__Task item__. Everything from the line containing "this 1620×1080 image." through the last line of the listing below should be returned exactly, except for pictures.

__Materials provided__.
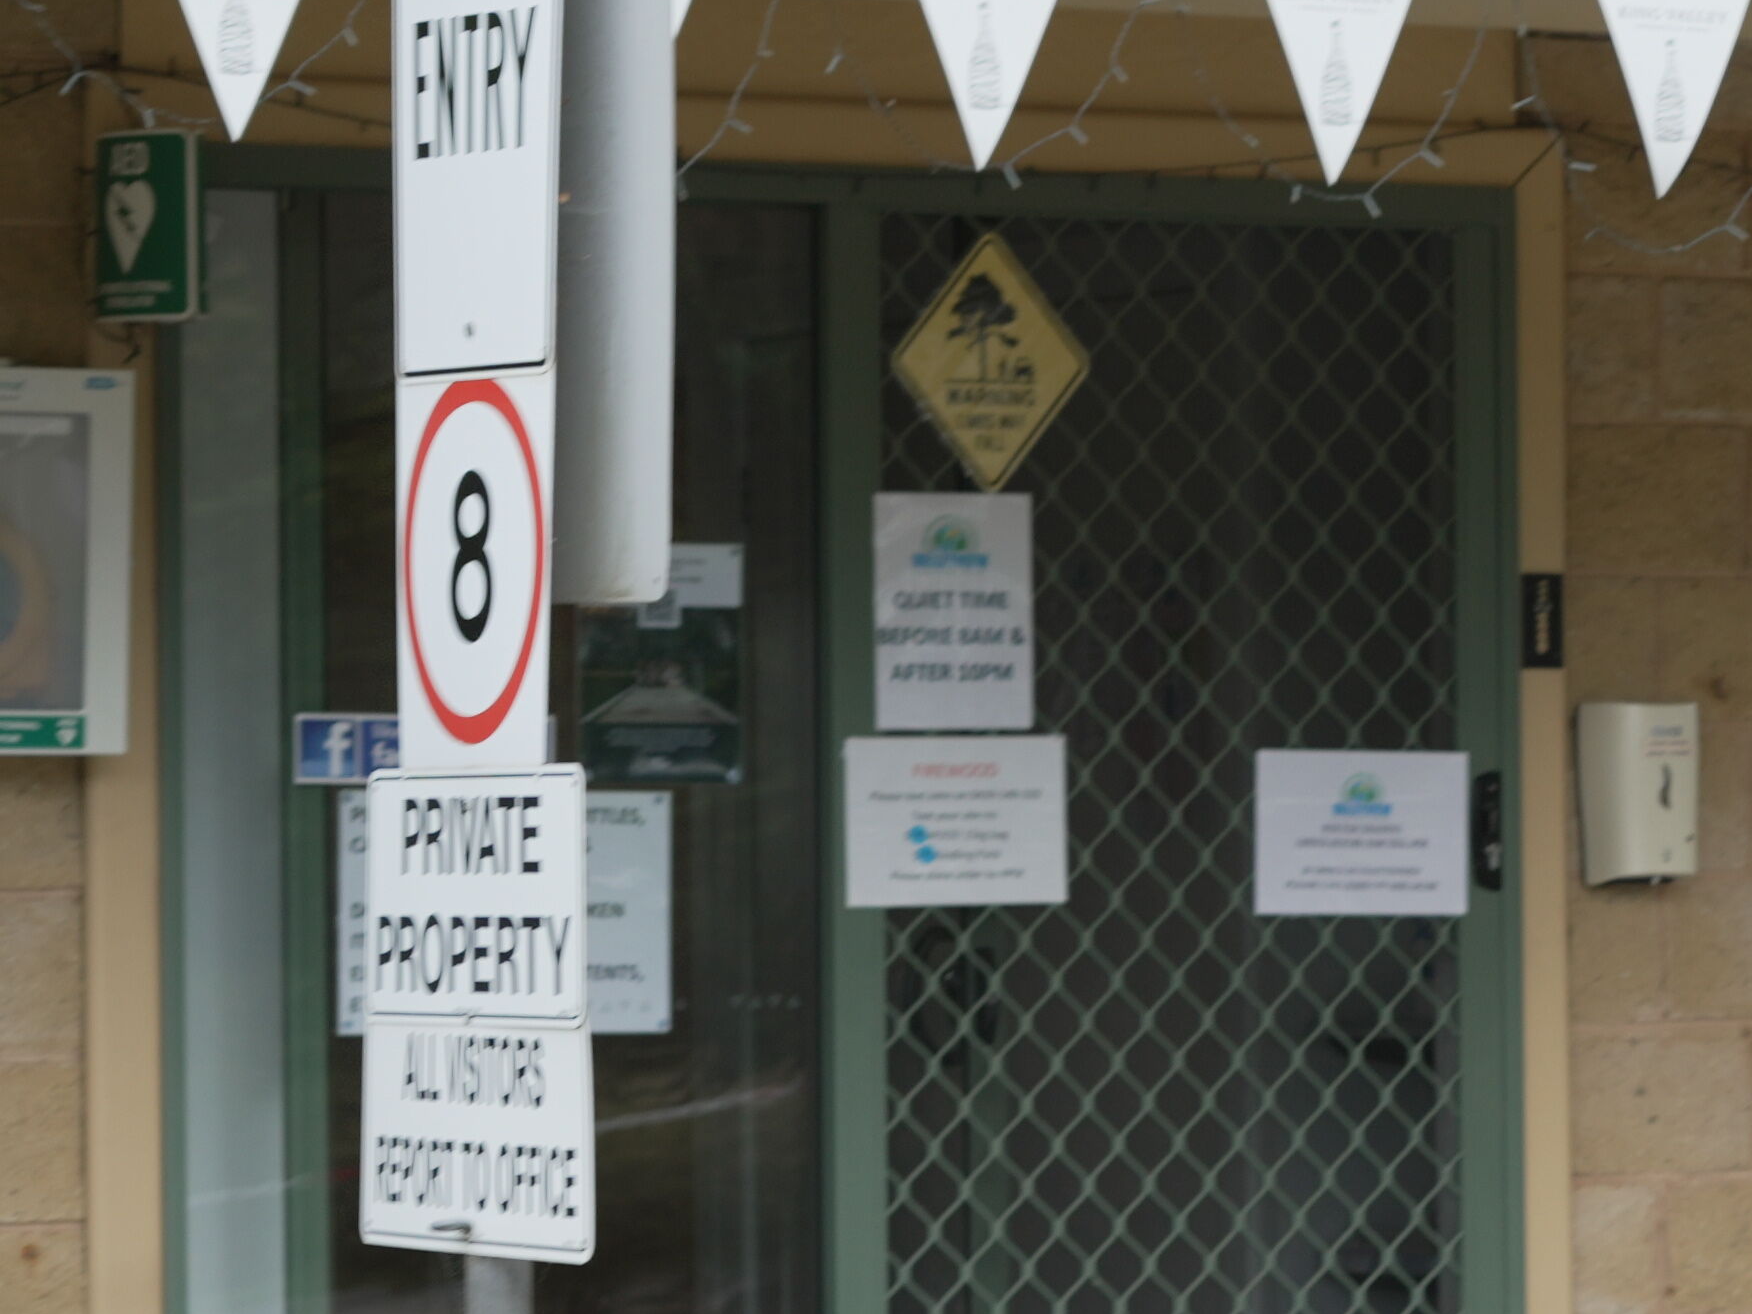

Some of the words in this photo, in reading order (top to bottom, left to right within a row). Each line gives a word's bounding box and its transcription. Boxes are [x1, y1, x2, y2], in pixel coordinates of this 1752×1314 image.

[411, 4, 540, 161] ENTRY
[452, 469, 494, 643] 8
[401, 795, 541, 876] PRIVATE
[374, 913, 572, 996] PROPERTY
[401, 1033, 440, 1103] ALL
[446, 1035, 546, 1109] VISITORS
[373, 1135, 454, 1211] REPORT
[461, 1140, 489, 1212] TO
[494, 1145, 578, 1219] OFFICE
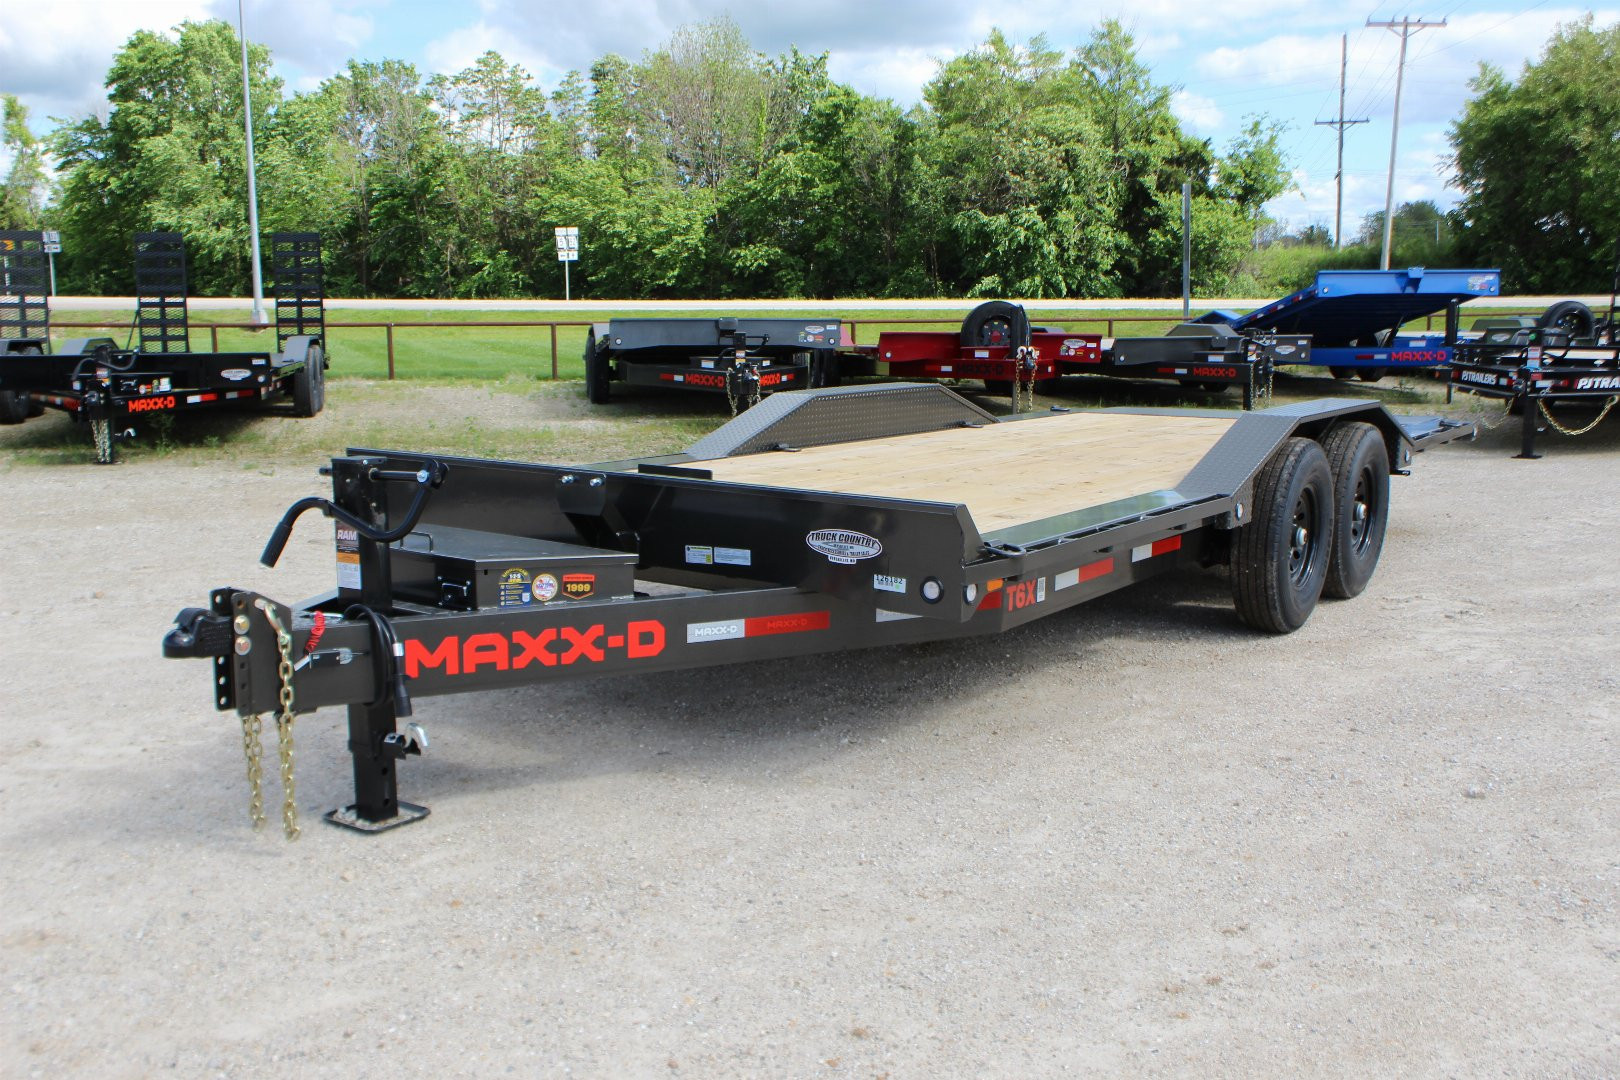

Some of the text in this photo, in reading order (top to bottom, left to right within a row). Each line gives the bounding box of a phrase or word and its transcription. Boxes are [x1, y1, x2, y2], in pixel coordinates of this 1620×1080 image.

[1391, 350, 1447, 362] MAXX-D
[1193, 366, 1237, 378] MAXX-D
[685, 373, 725, 388] MAXX-D
[128, 395, 176, 414] MAXX-D
[337, 529, 357, 541] RAM
[811, 532, 838, 541] TRUCK
[838, 533, 876, 548] COUNTRY
[566, 583, 591, 592] 1999
[1005, 579, 1037, 612] T6X
[767, 618, 808, 629] MAXX-D
[694, 625, 738, 637] MAXX-D
[403, 619, 667, 679] MAXX-D
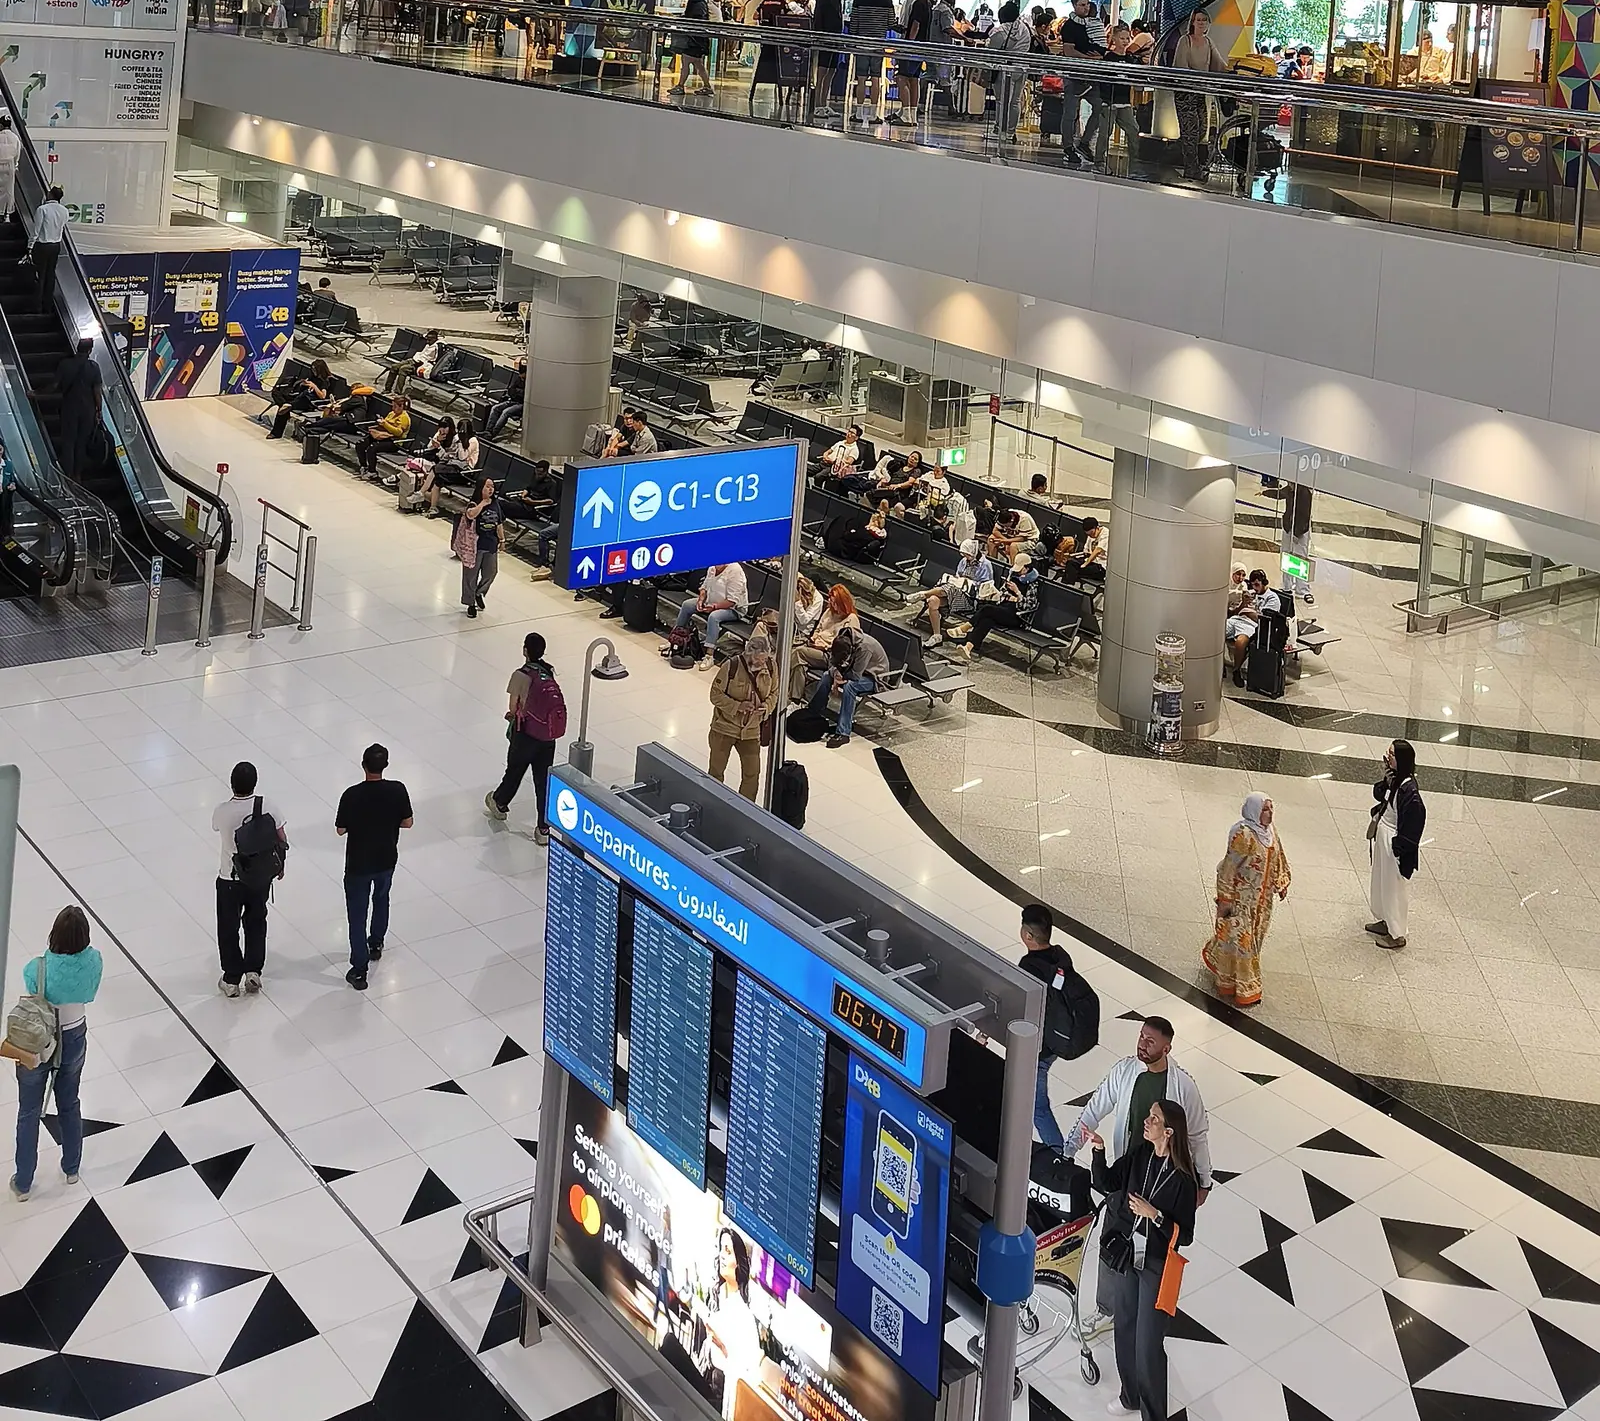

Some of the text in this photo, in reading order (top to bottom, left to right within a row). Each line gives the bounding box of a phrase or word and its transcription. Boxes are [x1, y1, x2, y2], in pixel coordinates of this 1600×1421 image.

[46, 0, 78, 8] +stone
[145, 6, 167, 15] INDIA
[104, 48, 164, 60] HUNGRY?
[96, 203, 106, 223] DXB
[668, 473, 760, 511] C1-C13
[838, 991, 898, 1050] 06:47
[593, 1078, 610, 1098] 06:47
[575, 1124, 617, 1178] Setting
[682, 1158, 700, 1180] 06:47
[572, 1150, 586, 1173] to
[587, 1166, 634, 1220] airplane
[603, 1222, 660, 1288] priceless
[787, 1253, 808, 1278] 06:47
[864, 1234, 916, 1283] Scan the QR code
[800, 1360, 822, 1386] your
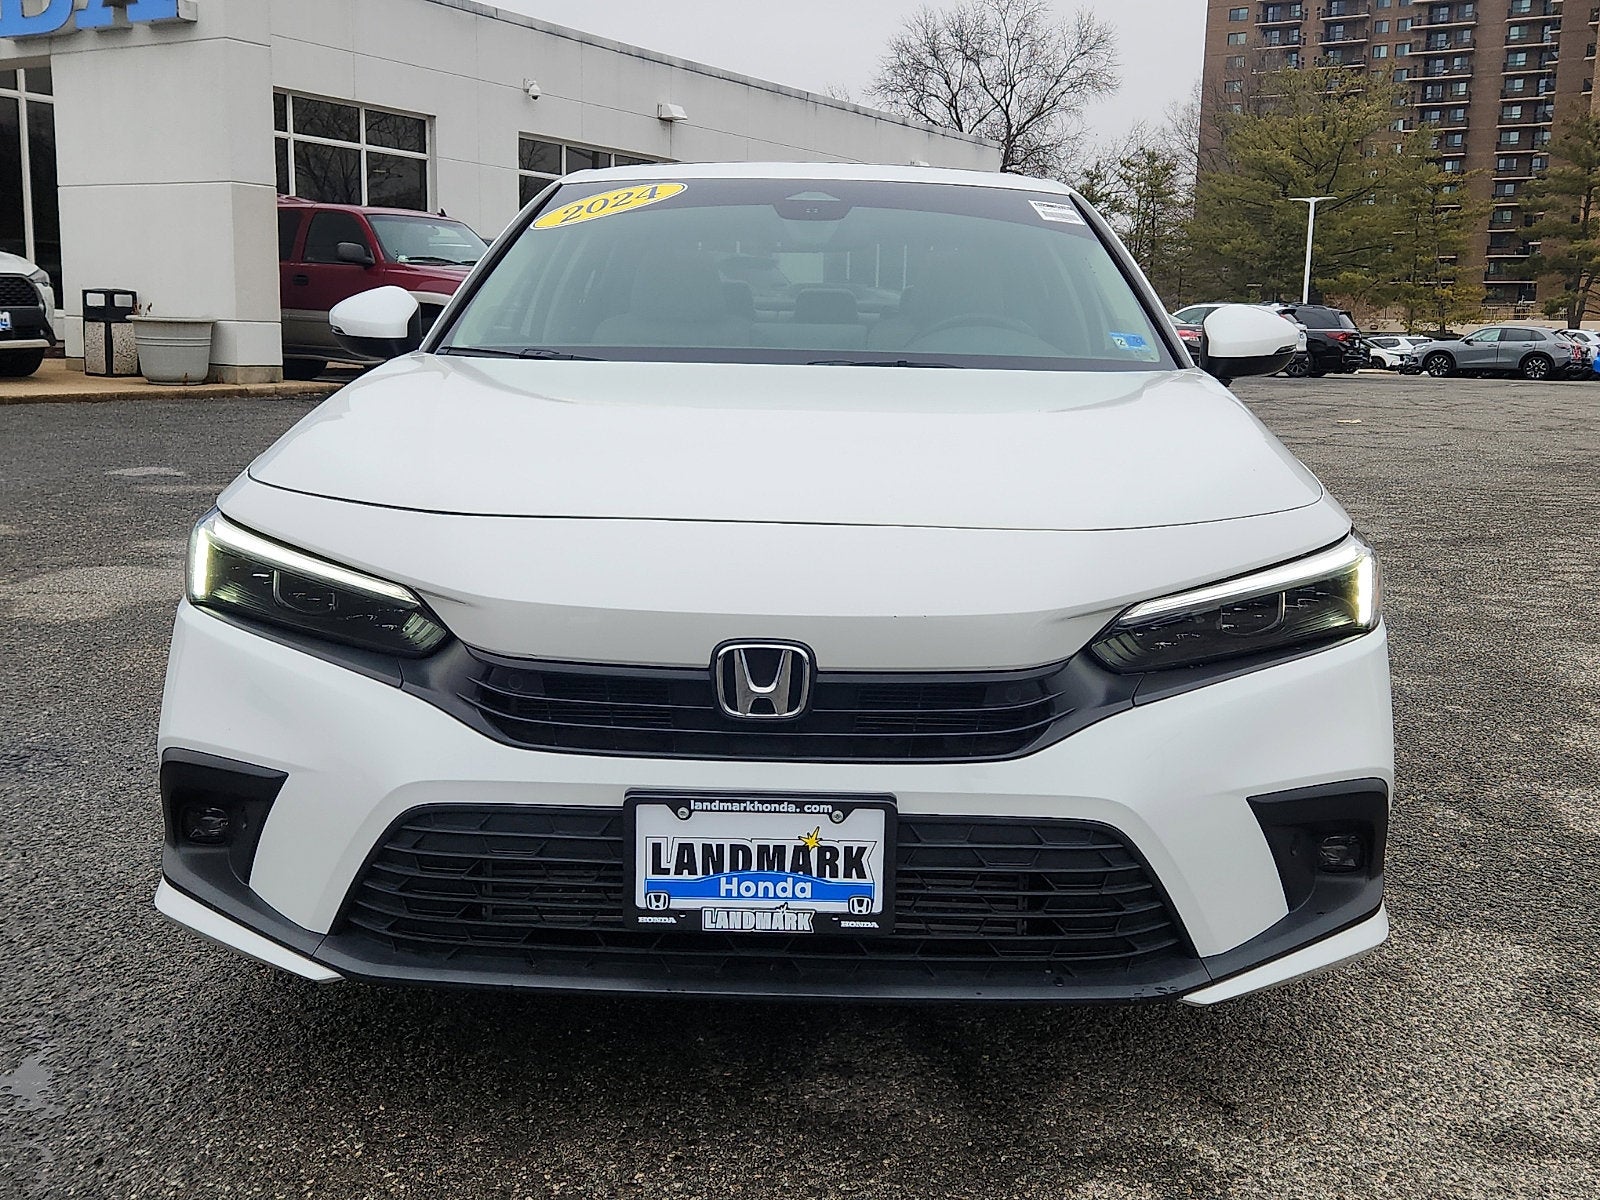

__Result of this exercise__.
Some of the text in this photo, in reading order (top to bottom, left to right within a row). Each line gives the bounding box of a phrase or word and its transcription. Boxes are [x1, y1, x2, y2], in pixel coordinates of this 1620×1080 image.

[1391, 350, 1447, 362] MAXX-D
[1193, 366, 1237, 378] MAXX-D
[685, 373, 725, 388] MAXX-D
[128, 395, 176, 414] MAXX-D
[337, 529, 357, 541] RAM
[811, 532, 838, 541] TRUCK
[838, 533, 876, 548] COUNTRY
[566, 583, 591, 592] 1999
[1005, 579, 1037, 612] T6X
[767, 618, 808, 629] MAXX-D
[694, 625, 738, 637] MAXX-D
[403, 619, 667, 679] MAXX-D

Some of the text in this photo, in reading order (top to bottom, left to right within a row). Each line gives the bounding box of a phrase or word and its transcription. Boxes are [x1, y1, x2, y2], in pixel coordinates of this 1600×1421 image.

[46, 0, 78, 8] +stone
[145, 6, 167, 15] INDIA
[104, 48, 164, 60] HUNGRY?
[96, 203, 106, 223] DXB
[668, 473, 760, 511] C1-C13
[838, 991, 898, 1050] 06:47
[593, 1078, 610, 1098] 06:47
[575, 1124, 617, 1178] Setting
[682, 1158, 700, 1180] 06:47
[572, 1150, 586, 1173] to
[587, 1166, 634, 1220] airplane
[603, 1222, 660, 1288] priceless
[787, 1253, 808, 1278] 06:47
[864, 1234, 916, 1283] Scan the QR code
[800, 1360, 822, 1386] your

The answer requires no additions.